Write the records below out again. Match them exactly.

Supplied information START

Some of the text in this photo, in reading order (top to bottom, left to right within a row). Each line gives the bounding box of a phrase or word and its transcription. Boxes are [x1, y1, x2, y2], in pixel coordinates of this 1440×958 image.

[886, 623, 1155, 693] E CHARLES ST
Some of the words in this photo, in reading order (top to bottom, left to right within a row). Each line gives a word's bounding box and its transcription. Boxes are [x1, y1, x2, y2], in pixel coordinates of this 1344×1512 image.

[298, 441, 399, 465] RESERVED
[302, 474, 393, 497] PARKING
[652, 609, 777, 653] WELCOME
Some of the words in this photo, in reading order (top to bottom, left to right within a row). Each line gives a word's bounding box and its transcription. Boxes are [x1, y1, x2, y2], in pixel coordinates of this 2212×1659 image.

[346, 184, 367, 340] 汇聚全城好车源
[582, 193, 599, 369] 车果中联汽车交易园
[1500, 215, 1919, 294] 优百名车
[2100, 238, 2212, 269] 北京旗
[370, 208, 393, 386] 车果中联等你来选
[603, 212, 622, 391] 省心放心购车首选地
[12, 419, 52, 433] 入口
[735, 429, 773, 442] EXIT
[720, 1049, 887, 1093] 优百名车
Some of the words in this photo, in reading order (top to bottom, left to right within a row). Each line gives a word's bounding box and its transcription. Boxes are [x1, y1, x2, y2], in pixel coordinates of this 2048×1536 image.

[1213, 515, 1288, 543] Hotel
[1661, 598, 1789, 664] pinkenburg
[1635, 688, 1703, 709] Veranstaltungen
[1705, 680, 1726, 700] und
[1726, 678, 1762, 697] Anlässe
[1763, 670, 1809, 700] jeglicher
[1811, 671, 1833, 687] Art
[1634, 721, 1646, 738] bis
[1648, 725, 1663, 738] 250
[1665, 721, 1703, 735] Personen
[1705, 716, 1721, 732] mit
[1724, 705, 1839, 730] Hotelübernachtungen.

Supplied information END

§ **Exercise output**:
Some of the text in this photo, in reading order (top to bottom, left to right within a row). Each line gives the bounding box of a phrase or word and its transcription. Boxes are [x1, y1, x2, y2], in pixel coordinates of this 1440×958 image.

[886, 623, 1155, 693] E CHARLES ST
Some of the words in this photo, in reading order (top to bottom, left to right within a row). Each line gives a word's bounding box and its transcription. Boxes are [x1, y1, x2, y2], in pixel coordinates of this 1344×1512 image.

[298, 441, 399, 465] RESERVED
[302, 474, 393, 497] PARKING
[652, 609, 777, 653] WELCOME
Some of the words in this photo, in reading order (top to bottom, left to right within a row). Each line gives a word's bounding box and its transcription. Boxes are [x1, y1, x2, y2], in pixel coordinates of this 2212×1659 image.

[346, 184, 367, 340] 汇聚全城好车源
[582, 193, 599, 369] 车果中联汽车交易园
[1500, 215, 1919, 294] 优百名车
[2100, 238, 2212, 269] 北京旗
[370, 208, 393, 386] 车果中联等你来选
[603, 212, 622, 391] 省心放心购车首选地
[12, 419, 52, 433] 入口
[735, 429, 773, 442] EXIT
[720, 1049, 887, 1093] 优百名车
Some of the words in this photo, in reading order (top to bottom, left to right within a row). Each line gives a word's bounding box and its transcription. Boxes are [x1, y1, x2, y2], in pixel coordinates of this 2048×1536 image.

[1213, 515, 1288, 543] Hotel
[1661, 598, 1789, 664] pinkenburg
[1635, 688, 1703, 709] Veranstaltungen
[1705, 680, 1726, 700] und
[1726, 678, 1762, 697] Anlässe
[1763, 670, 1809, 700] jeglicher
[1811, 671, 1833, 687] Art
[1634, 721, 1646, 738] bis
[1648, 725, 1663, 738] 250
[1665, 721, 1703, 735] Personen
[1705, 716, 1721, 732] mit
[1724, 705, 1839, 730] Hotelübernachtungen.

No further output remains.